Jiwoo started playing an unfinished track Minjun had written on a napkin in that greasy noodle shop. Minjun hadn't planned to sing it yet — it was raw, just words and scraps of melody — but the echo under the bridge made it sound bigger than it was, like the pillars themselves were humming along.

He closed his eyes and sang anyway. No choreography. No fancy light rig. Just his voice bouncing off stone and river water, carried away by the wind to kids who might be too scared to show their faces but never too scared to listen.

The press called him reckless.Foolish.A bad influence.
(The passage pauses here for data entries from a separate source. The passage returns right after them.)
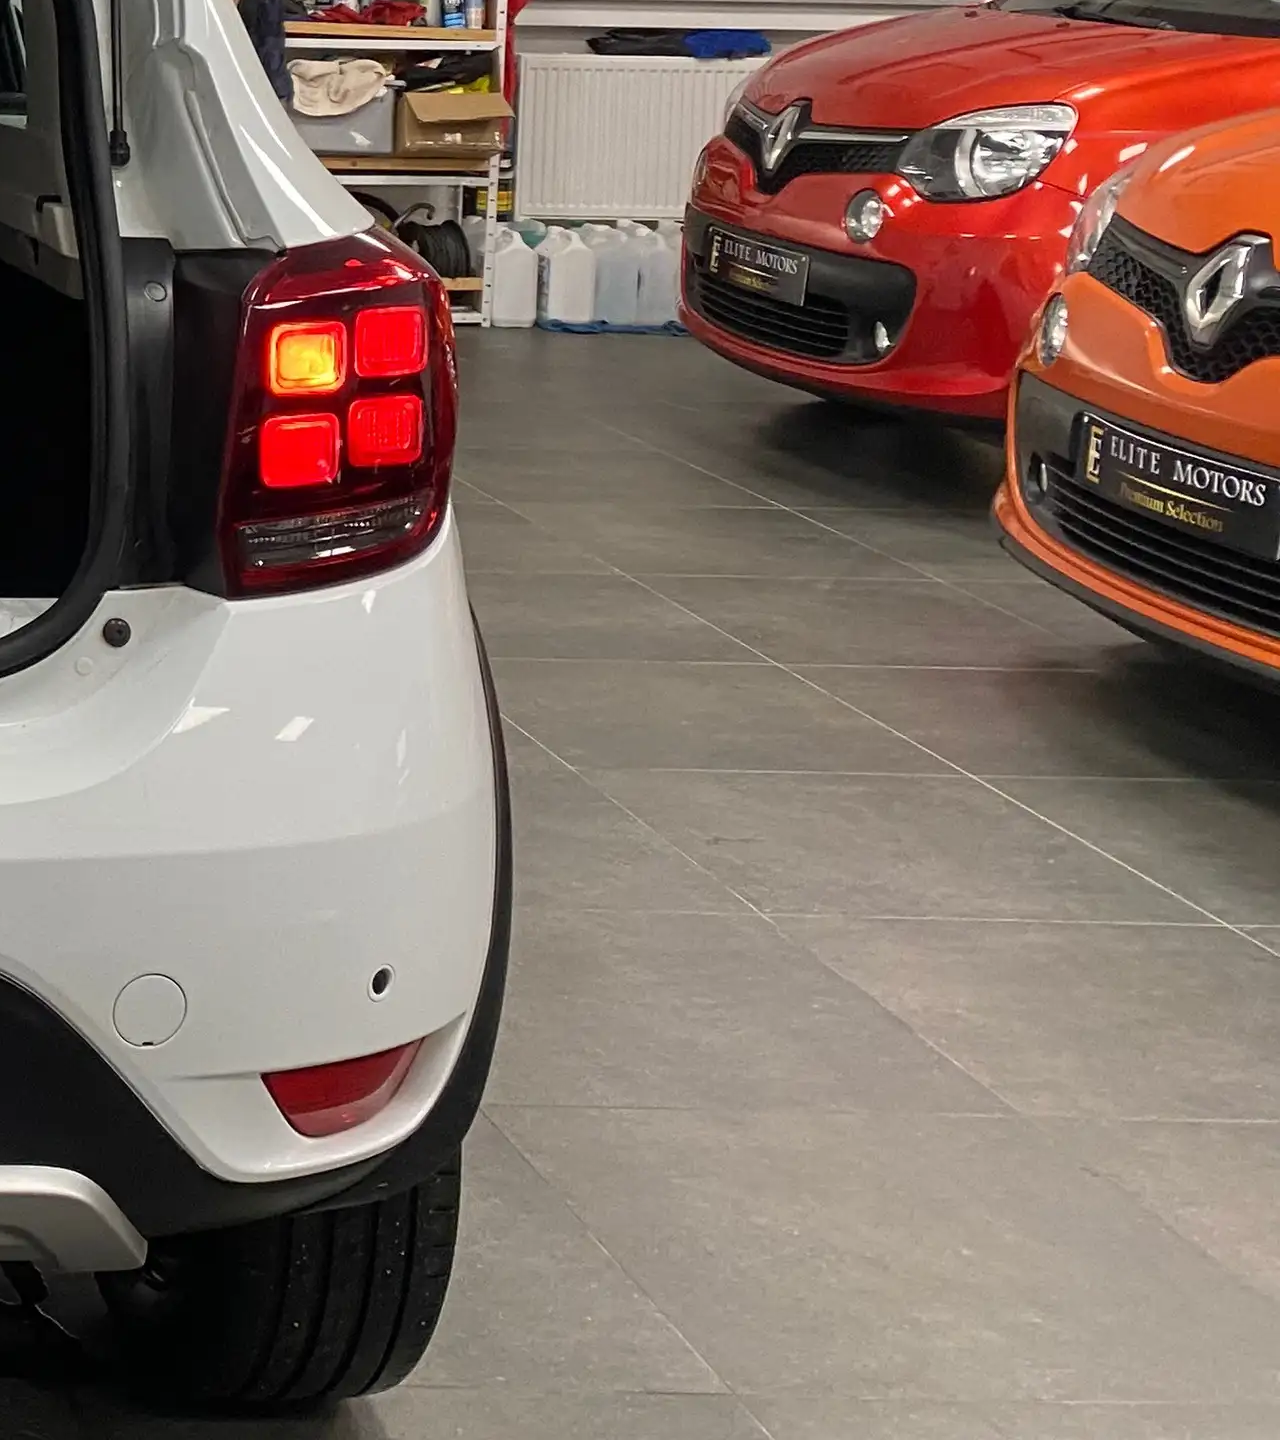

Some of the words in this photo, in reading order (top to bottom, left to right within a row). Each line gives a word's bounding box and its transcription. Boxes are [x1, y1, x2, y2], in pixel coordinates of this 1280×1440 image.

[724, 239, 752, 261] ELITE
[755, 249, 798, 275] MOTORS
[1109, 435, 1161, 475] ELITE
[1172, 460, 1267, 507] MOTORS
[1117, 481, 1164, 515] Premium
[1165, 500, 1224, 533] Selection
Starline's official statement painted him as an ungrateful rebel who spat on the hand that fed him. But every time they tried to kill the noise, the kids sang louder.

Jiwoo joked that they'd built a hydra — cut off one rooftop, and three more rose up in its place. Miri laughed every time she saw Starline's lawyers trying to scrub leaks off social media.

"Too late," she'd say, tapping her battered phone. "It's out there now. It belongs to them."

At first, Minjun worried about the kids. The risk. The raids. The inevitable pushback from a machine that had devoured him once and would happily devour them too. But every show ended the same — new faces, fresh bruises sometimes, but always more voices.

He learned their names one by one. Hyunwoo, who ran sound from an old laptop missing half its keys. Sora, who scrawled Minjun's lyrics onto stickers and plastered them all over subway cars at 3 AM. Daeun, who stitched homemade patches onto jackets so the kids would recognize each other on the street — a secret uniform for a secret chorus.

One night, after the crowd had drifted off into the last trains and shuttered alleys, Jiwoo and Minjun sat on a concrete ledge by the river. Jiwoo's guitar rested between them like a quiet promise.

"You ever wish we'd stayed?" Jiwoo asked, voice soft, eyes on the black water.

Minjun didn't answer right away. He watched a stray train rattle across the bridge overhead, its lights flickering like a heartbeat in the dark.

Finally, he shook his head. "We'd still be singing. But we'd be alone."

Jiwoo chuckled. He leaned over, bumping his shoulder against Minjun's. "Now look at you. You're a leader."

Minjun scoffed. "I'm just loud."

Jiwoo grinned. "Sometimes that's enough."

When they packed up that night — guitar zipped tight, amp hoisted onto Jiwoo's back — Minjun glanced at the fading graffiti on the bridge pillar: We Sing Because He Did.

It wasn't about him anymore. It never really had been. The city was humming with voices that could never be put back in a box.

The Underground Chorus was out there now — unfinished, imperfect, unstoppable. And Minjun knew, deep in his bones, that this was just the opening verse.